-- Data under study follows --

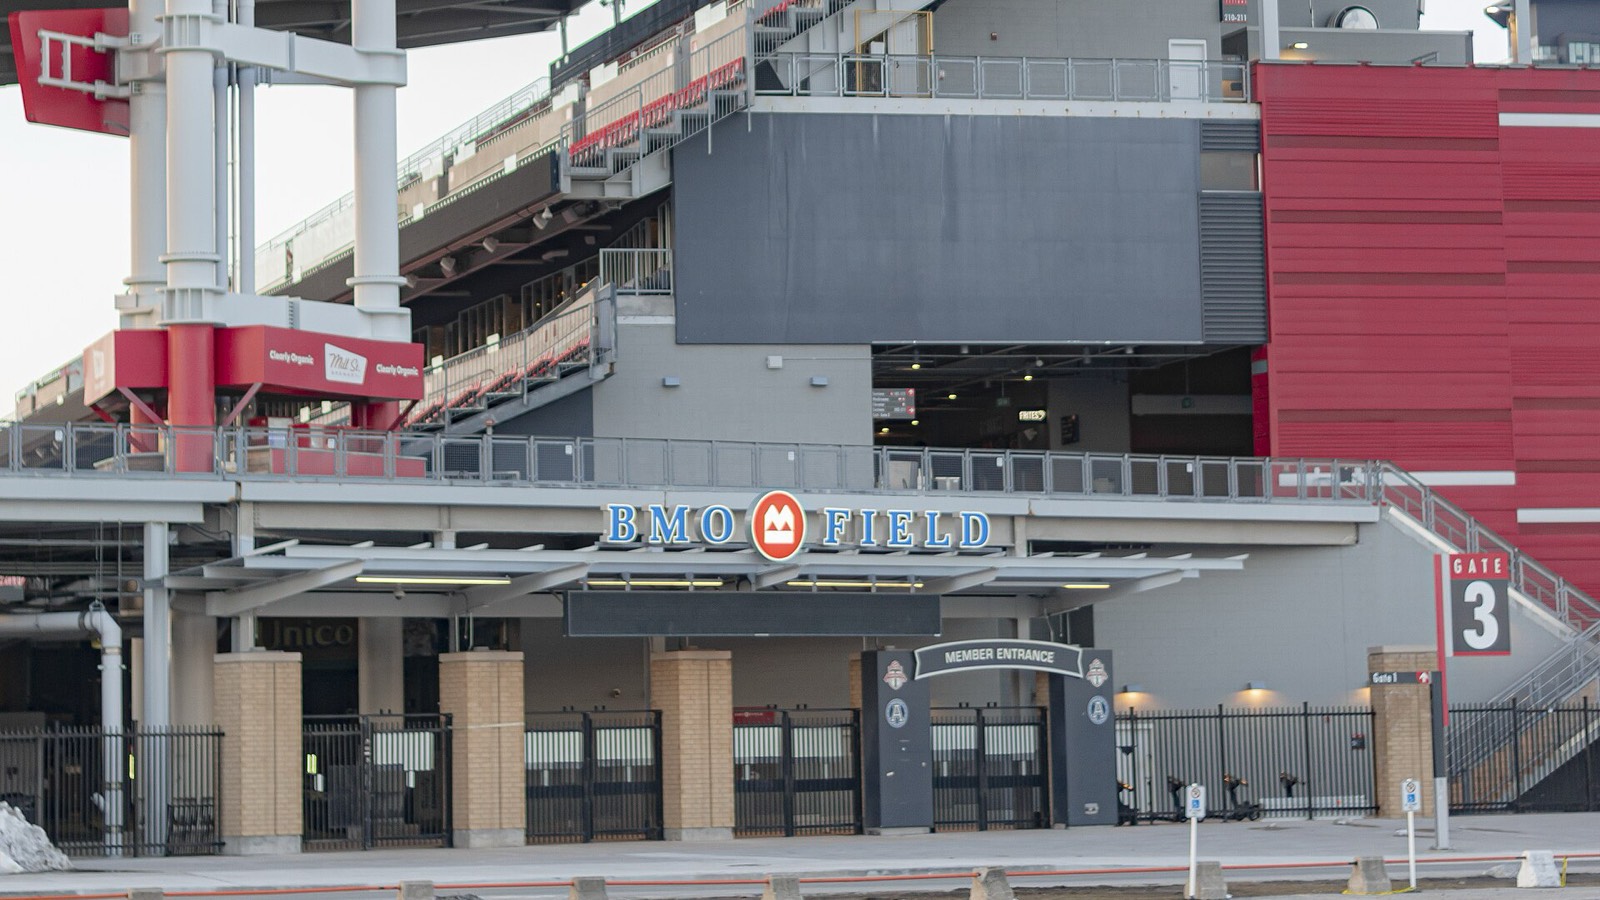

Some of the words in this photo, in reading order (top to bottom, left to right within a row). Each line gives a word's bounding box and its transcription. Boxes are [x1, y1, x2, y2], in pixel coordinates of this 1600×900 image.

[269, 350, 291, 363] Clearly
[291, 352, 314, 365] Organic
[329, 353, 350, 369] Mill
[376, 363, 397, 377] Clearly
[397, 365, 419, 377] Organic
[607, 503, 735, 545] BMO
[823, 507, 991, 549] FIELD
[1453, 557, 1502, 574] GATE
[1463, 580, 1499, 650] 3
[944, 648, 994, 663] MEMBER
[996, 648, 1056, 663] ENTRANCE
[1372, 671, 1392, 684] Gate

-- Data under study concluded --

# Work to complete:
Every entry, word for word, should be given again; the pictures are not part of the copy.

# Response to the task:
Some of the words in this photo, in reading order (top to bottom, left to right within a row). Each line gives a word's bounding box and its transcription. Boxes are [x1, y1, x2, y2], in pixel coordinates of this 1600×900 image.

[269, 350, 291, 363] Clearly
[291, 352, 314, 365] Organic
[329, 353, 350, 369] Mill
[376, 363, 397, 377] Clearly
[397, 365, 419, 377] Organic
[607, 503, 735, 545] BMO
[823, 507, 991, 549] FIELD
[1453, 557, 1502, 574] GATE
[1463, 580, 1499, 650] 3
[944, 648, 994, 663] MEMBER
[996, 648, 1056, 663] ENTRANCE
[1372, 671, 1392, 684] Gate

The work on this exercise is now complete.